▶ Exercise prompt
Go to the line that contains "this 1500×1500 image.". Restate that line and each one after it exactly, through the end of the records, without pictures.

Segment Start: Data for this task

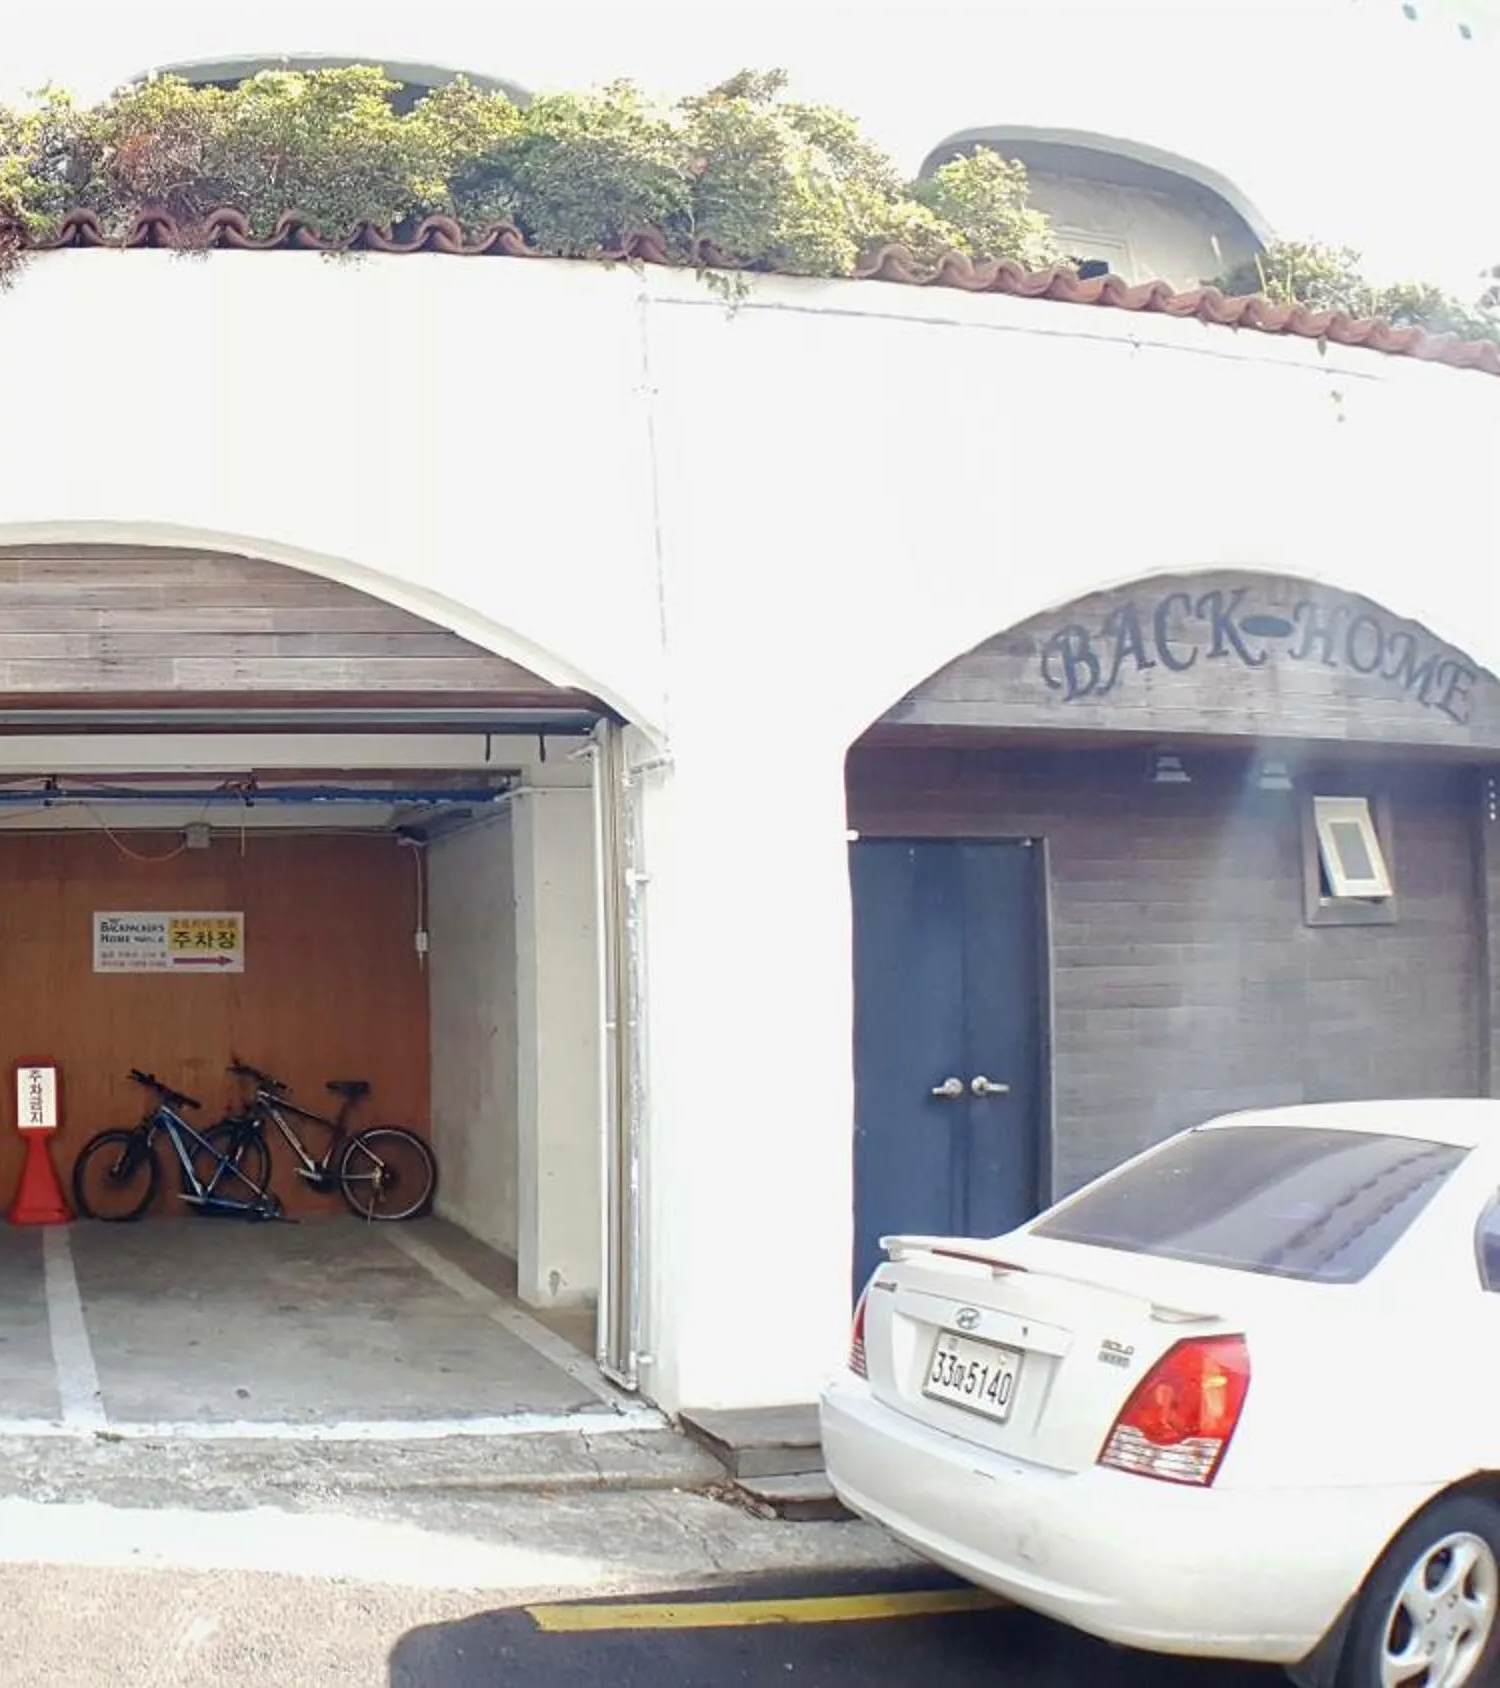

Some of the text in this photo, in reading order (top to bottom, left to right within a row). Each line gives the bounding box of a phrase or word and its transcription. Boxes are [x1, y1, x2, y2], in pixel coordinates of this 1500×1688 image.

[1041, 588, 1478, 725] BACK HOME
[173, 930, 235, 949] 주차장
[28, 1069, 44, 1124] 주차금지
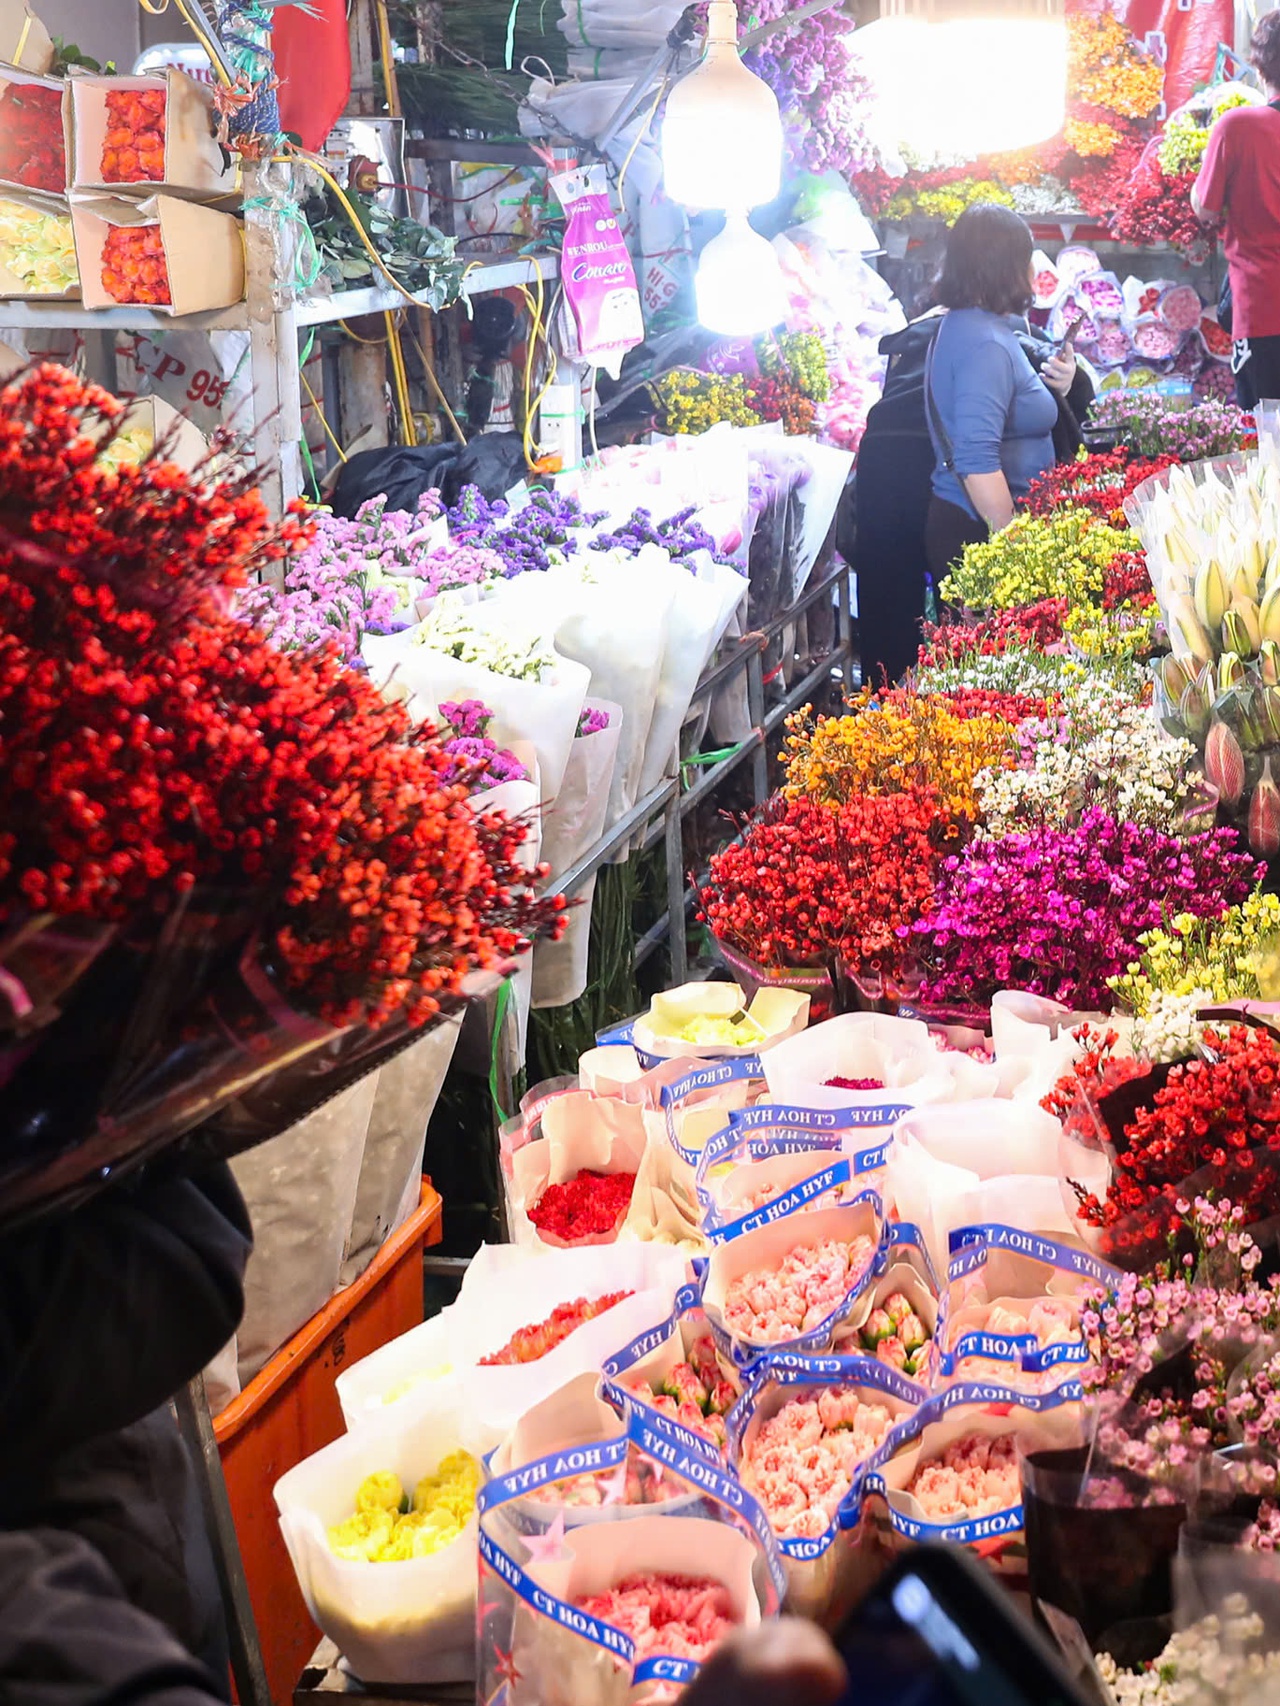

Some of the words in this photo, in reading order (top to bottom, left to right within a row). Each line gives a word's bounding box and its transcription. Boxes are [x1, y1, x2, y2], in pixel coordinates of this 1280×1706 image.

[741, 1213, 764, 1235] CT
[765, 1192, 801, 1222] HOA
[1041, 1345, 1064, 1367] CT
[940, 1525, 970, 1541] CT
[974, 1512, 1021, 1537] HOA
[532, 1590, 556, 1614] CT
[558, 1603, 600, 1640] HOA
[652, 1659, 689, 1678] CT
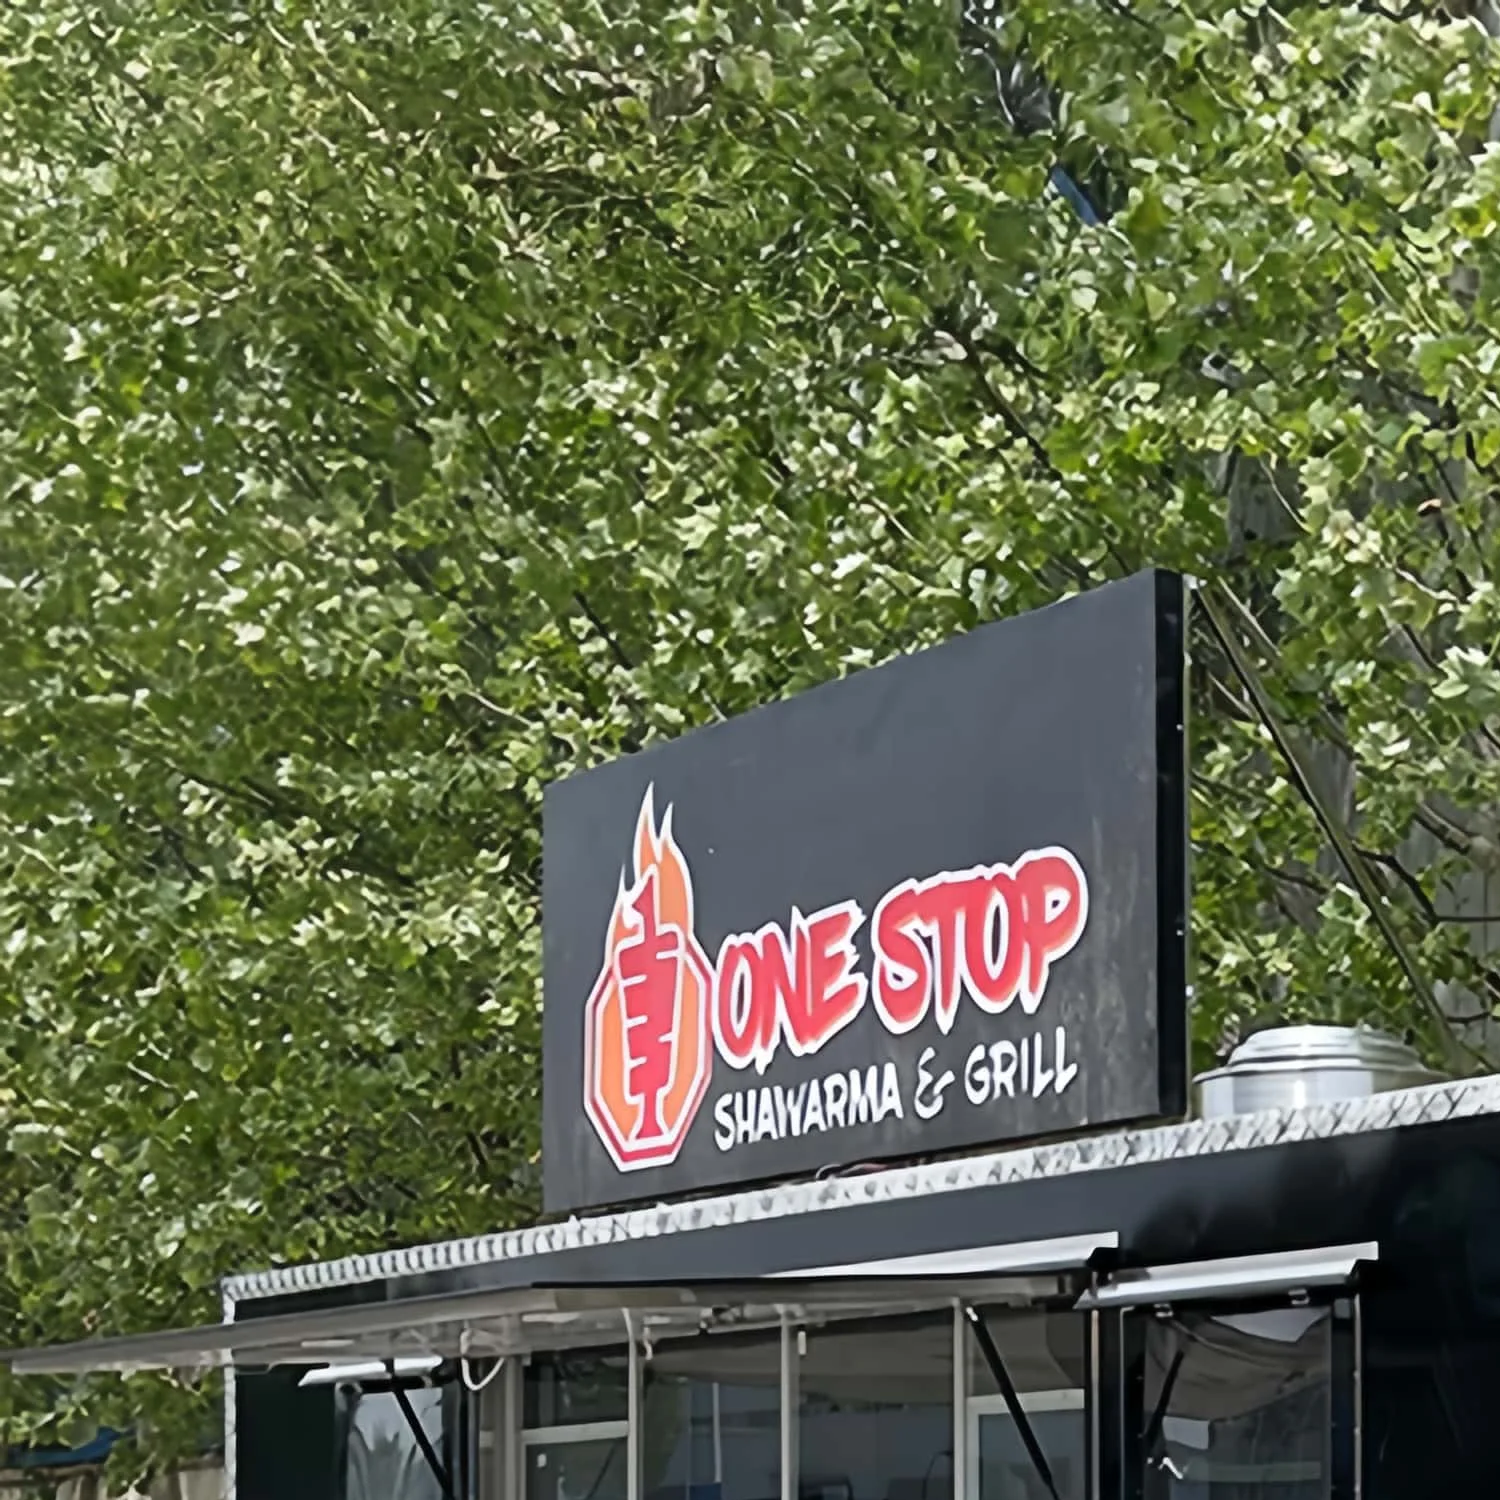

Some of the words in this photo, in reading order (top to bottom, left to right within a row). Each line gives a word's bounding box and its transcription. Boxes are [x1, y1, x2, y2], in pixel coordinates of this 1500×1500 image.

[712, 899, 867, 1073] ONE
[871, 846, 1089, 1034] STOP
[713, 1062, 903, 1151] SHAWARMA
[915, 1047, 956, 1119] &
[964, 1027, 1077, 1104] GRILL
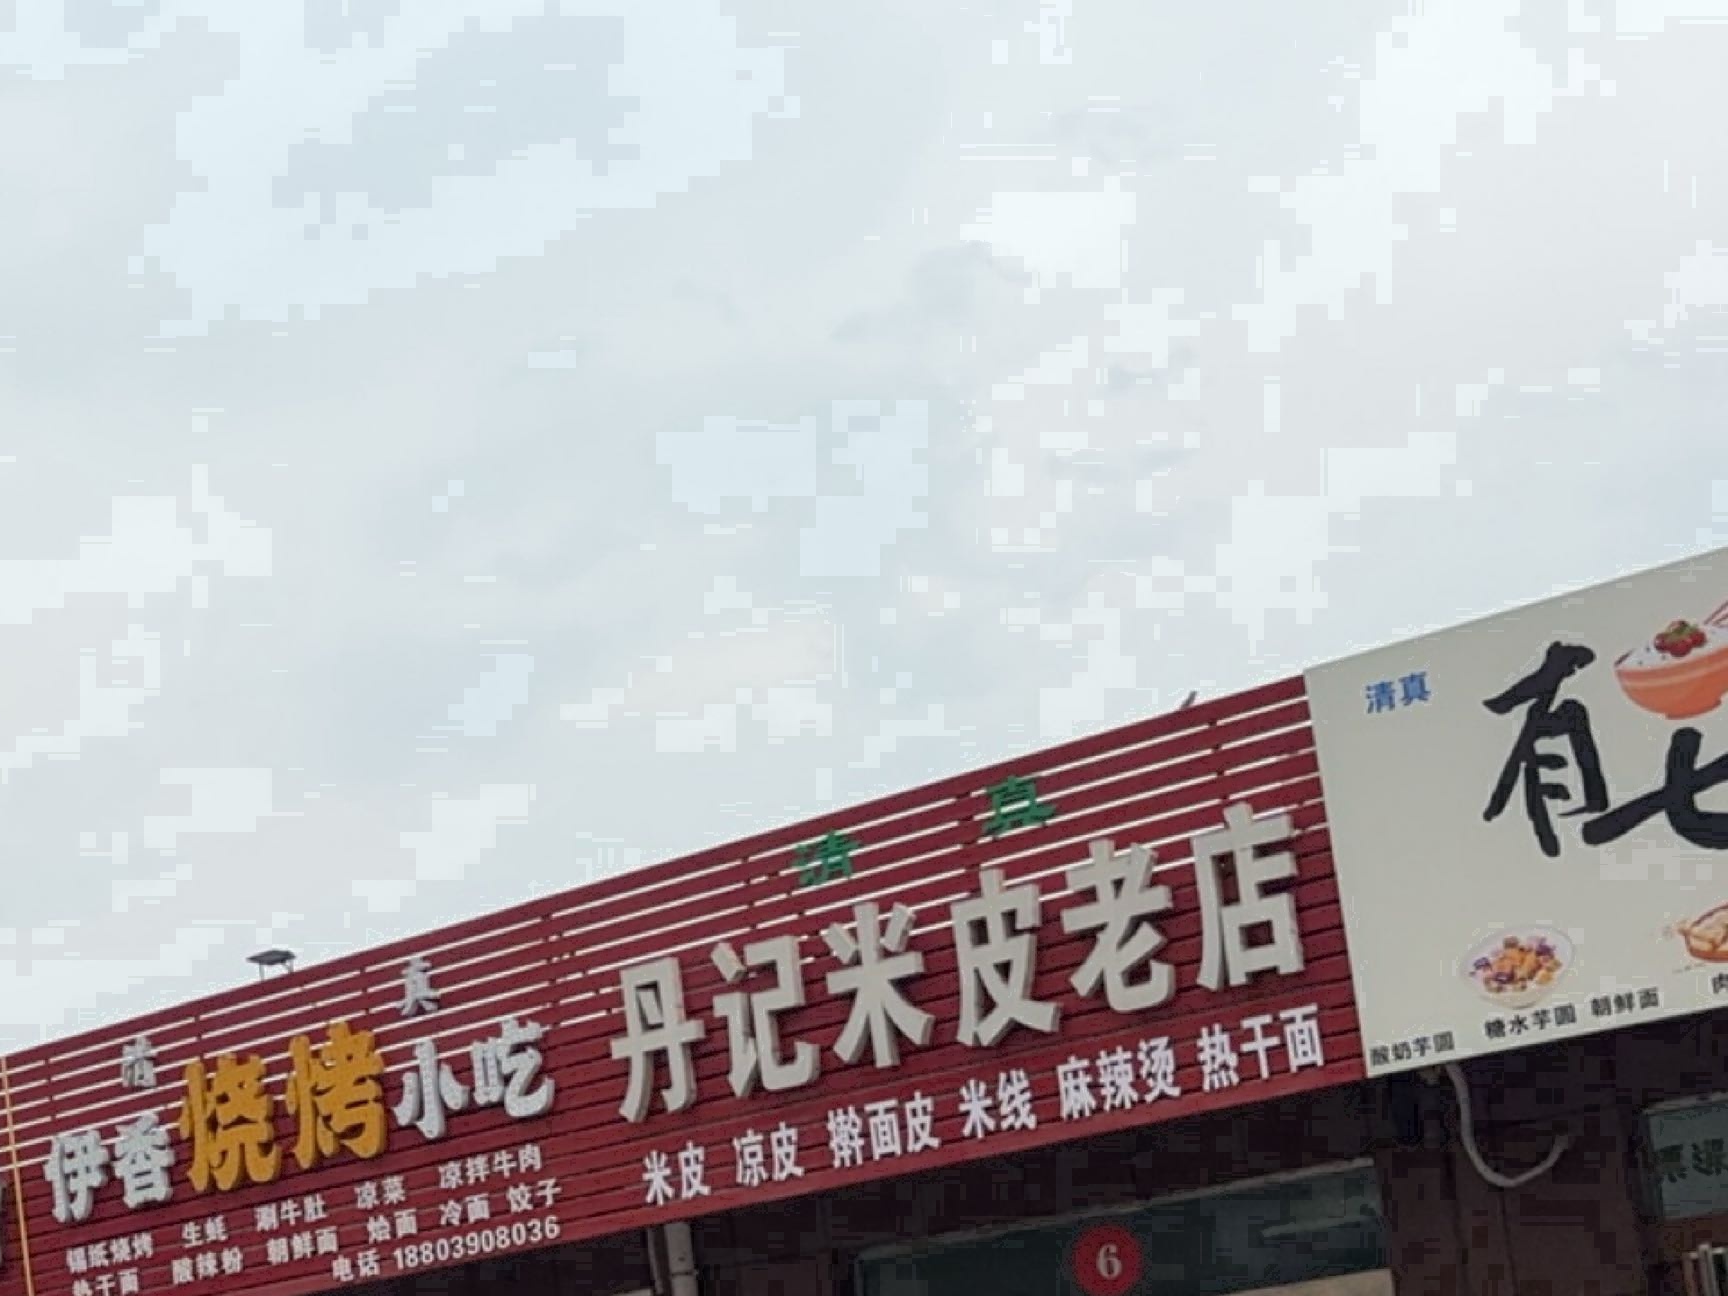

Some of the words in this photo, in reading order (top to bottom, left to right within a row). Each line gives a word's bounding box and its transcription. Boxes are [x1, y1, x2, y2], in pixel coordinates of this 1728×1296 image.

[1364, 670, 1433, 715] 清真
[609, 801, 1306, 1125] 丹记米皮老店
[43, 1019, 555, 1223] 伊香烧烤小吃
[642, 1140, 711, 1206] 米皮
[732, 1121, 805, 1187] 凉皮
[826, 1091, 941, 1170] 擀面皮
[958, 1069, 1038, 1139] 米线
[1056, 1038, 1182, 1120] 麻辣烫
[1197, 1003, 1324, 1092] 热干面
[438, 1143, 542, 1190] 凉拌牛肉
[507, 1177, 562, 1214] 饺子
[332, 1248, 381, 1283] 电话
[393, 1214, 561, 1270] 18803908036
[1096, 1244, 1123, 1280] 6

Segment End: Data for this task

▶ Answer below
Some of the words in this photo, in reading order (top to bottom, left to right within a row). Each line gives a word's bounding box and its transcription. Boxes are [x1, y1, x2, y2], in pixel coordinates of this 1500×1500 image.

[712, 899, 867, 1073] ONE
[871, 846, 1089, 1034] STOP
[713, 1062, 903, 1151] SHAWARMA
[915, 1047, 956, 1119] &
[964, 1027, 1077, 1104] GRILL

Some of the words in this photo, in reading order (top to bottom, left to right within a row). Each line gives a word's bounding box and its transcription. Boxes are [x1, y1, x2, y2], in pixel coordinates of this 1728×1296 image.

[1364, 670, 1433, 715] 清真
[609, 801, 1306, 1125] 丹记米皮老店
[43, 1019, 555, 1223] 伊香烧烤小吃
[642, 1140, 711, 1206] 米皮
[732, 1121, 805, 1187] 凉皮
[826, 1091, 941, 1170] 擀面皮
[958, 1069, 1038, 1139] 米线
[1056, 1038, 1182, 1120] 麻辣烫
[1197, 1003, 1324, 1092] 热干面
[438, 1143, 542, 1190] 凉拌牛肉
[507, 1177, 562, 1214] 饺子
[332, 1248, 381, 1283] 电话
[393, 1214, 561, 1270] 18803908036
[1096, 1244, 1123, 1280] 6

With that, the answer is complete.